Dataset entries
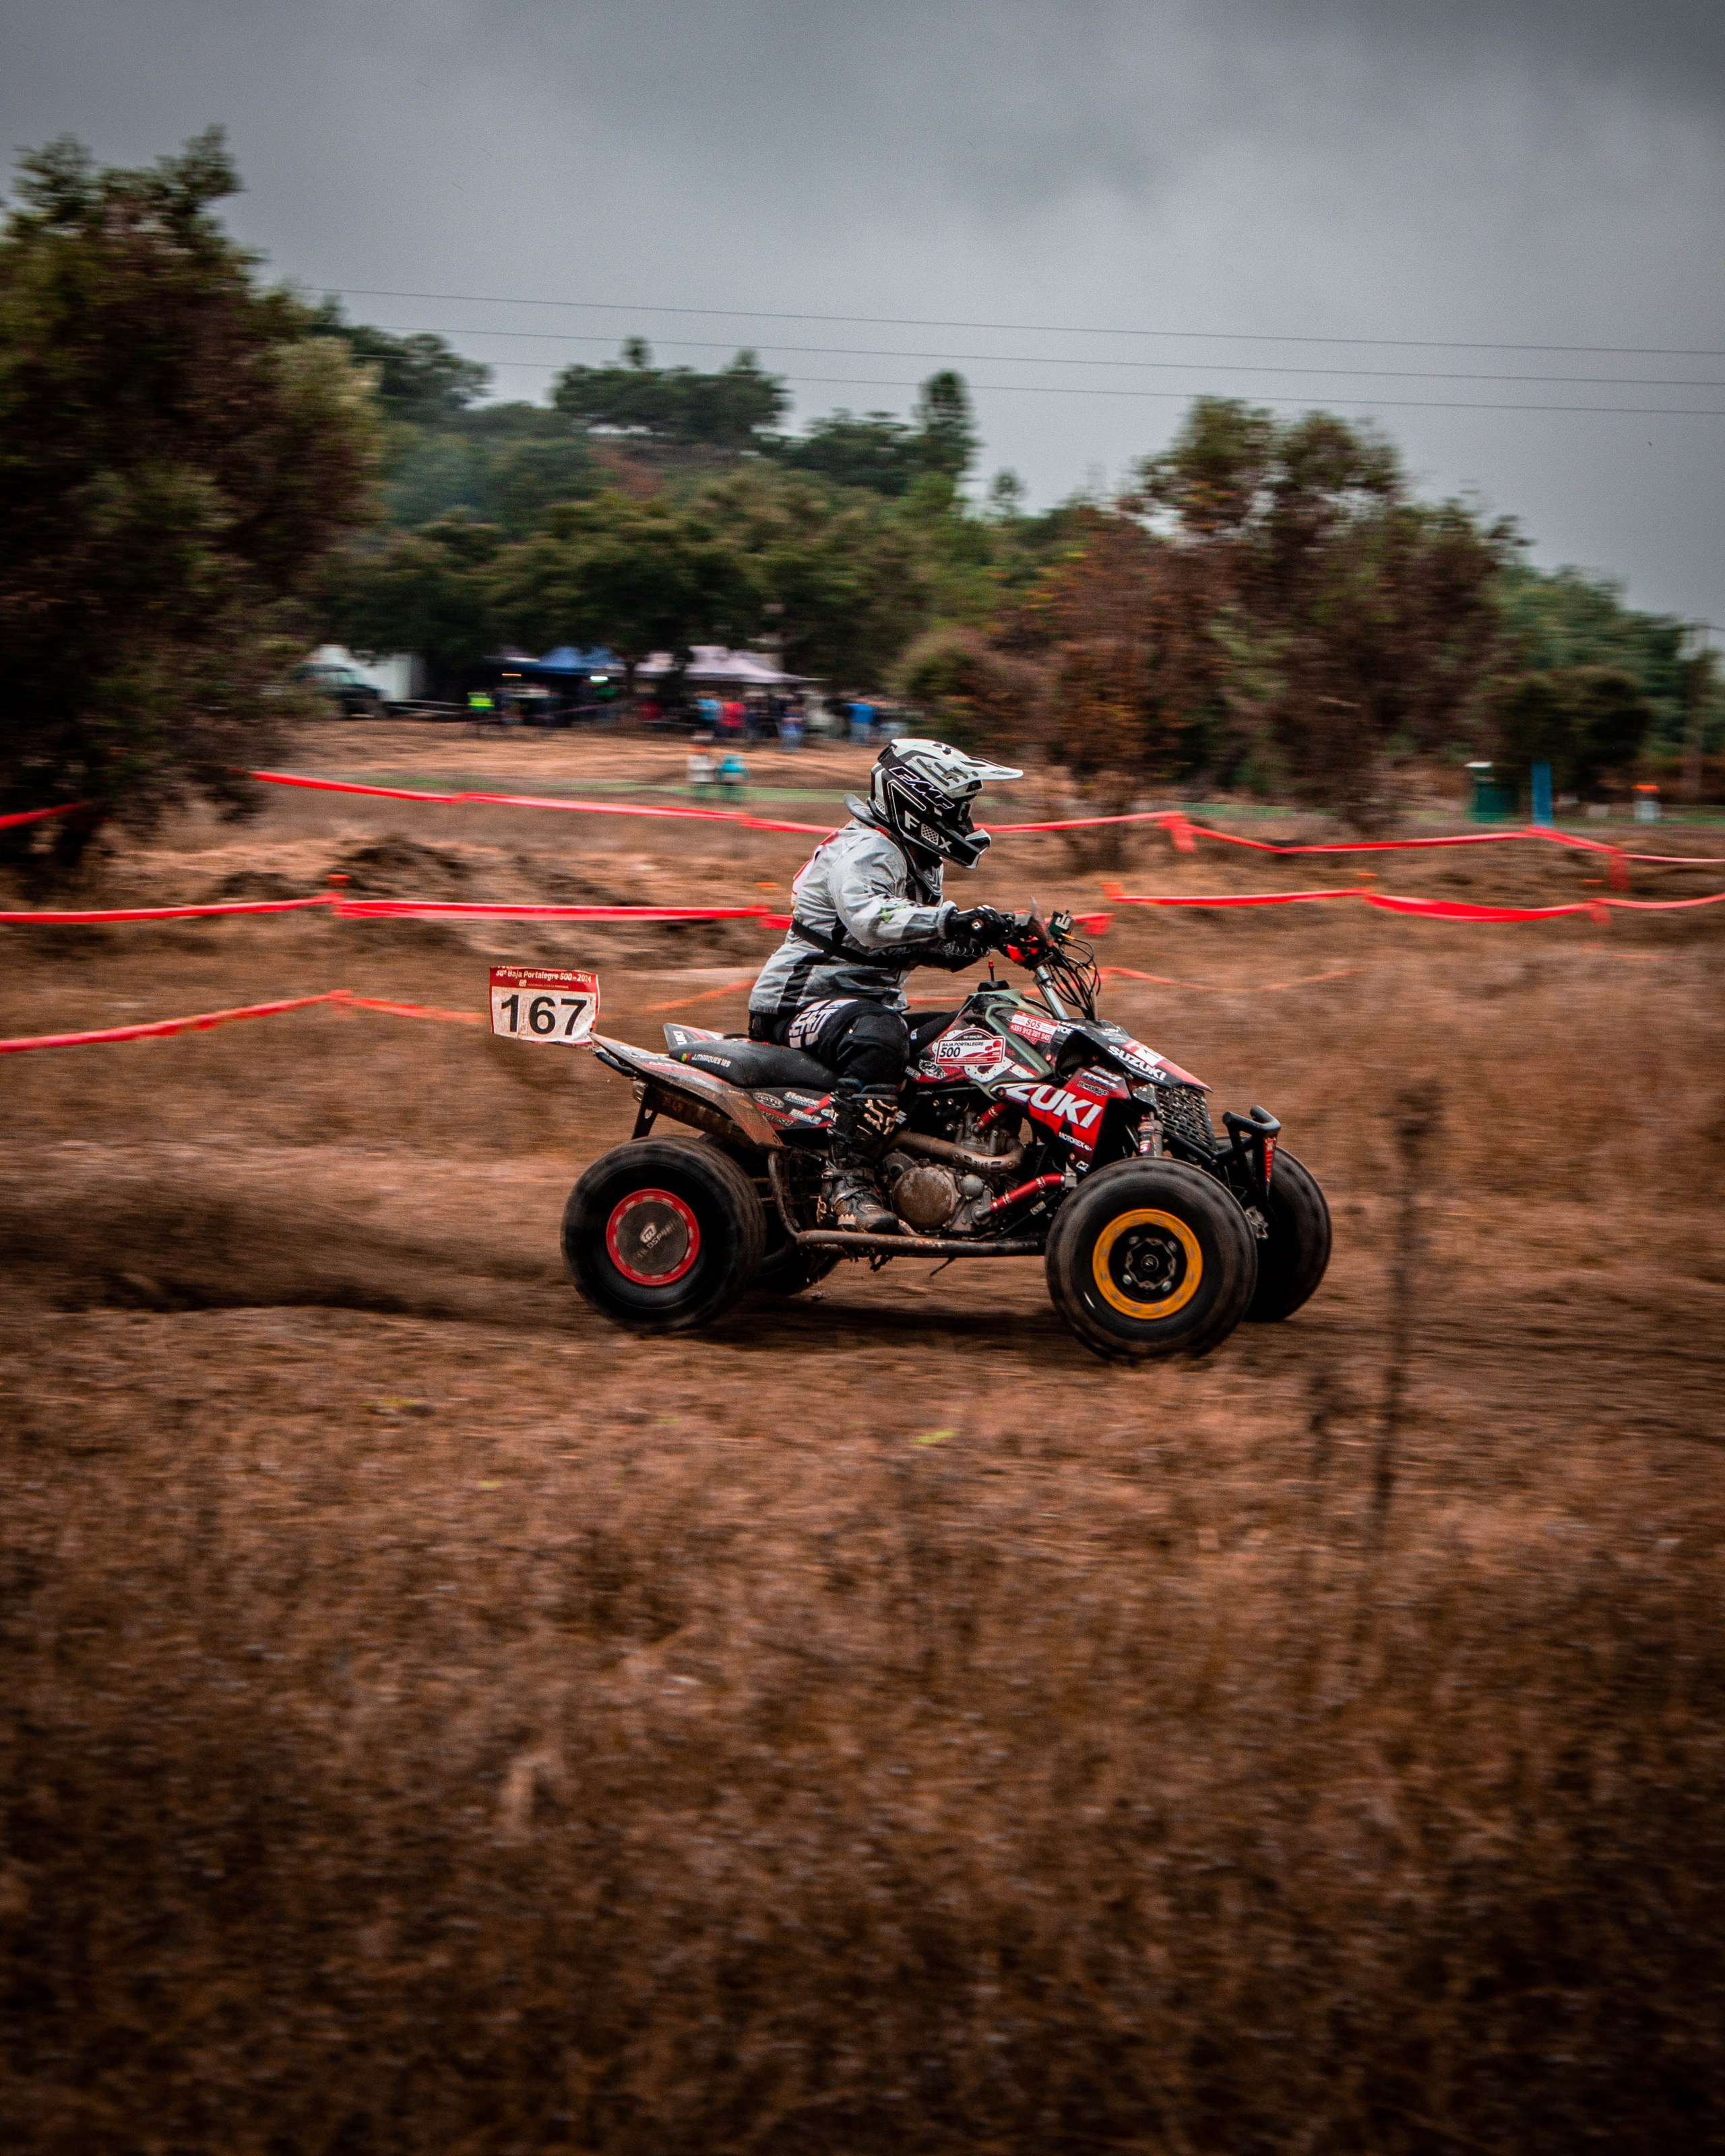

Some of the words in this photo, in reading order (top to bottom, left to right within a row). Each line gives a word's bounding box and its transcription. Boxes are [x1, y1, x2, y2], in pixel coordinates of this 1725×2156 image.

[508, 970, 522, 978] Baja
[524, 971, 559, 982] Portalegre
[560, 973, 572, 981] 500
[577, 974, 592, 983] 2024
[501, 994, 588, 1036] 167
[1026, 1019, 1041, 1029] SOS
[939, 1047, 961, 1058] 500
[1108, 1045, 1166, 1081] SUZUKI
[1059, 1132, 1085, 1148] MOTOREX

What is expected
Each entry above must be duplicated precisely; none of the pictures may be included.

Answer section
Some of the words in this photo, in reading order (top to bottom, left to right within a row). Each line gives a word's bounding box and its transcription. Boxes are [x1, y1, x2, y2], in pixel coordinates of this 1725×2156 image.

[508, 970, 522, 978] Baja
[524, 971, 559, 982] Portalegre
[560, 973, 572, 981] 500
[577, 974, 592, 983] 2024
[501, 994, 588, 1036] 167
[1026, 1019, 1041, 1029] SOS
[939, 1047, 961, 1058] 500
[1108, 1045, 1166, 1081] SUZUKI
[1059, 1132, 1085, 1148] MOTOREX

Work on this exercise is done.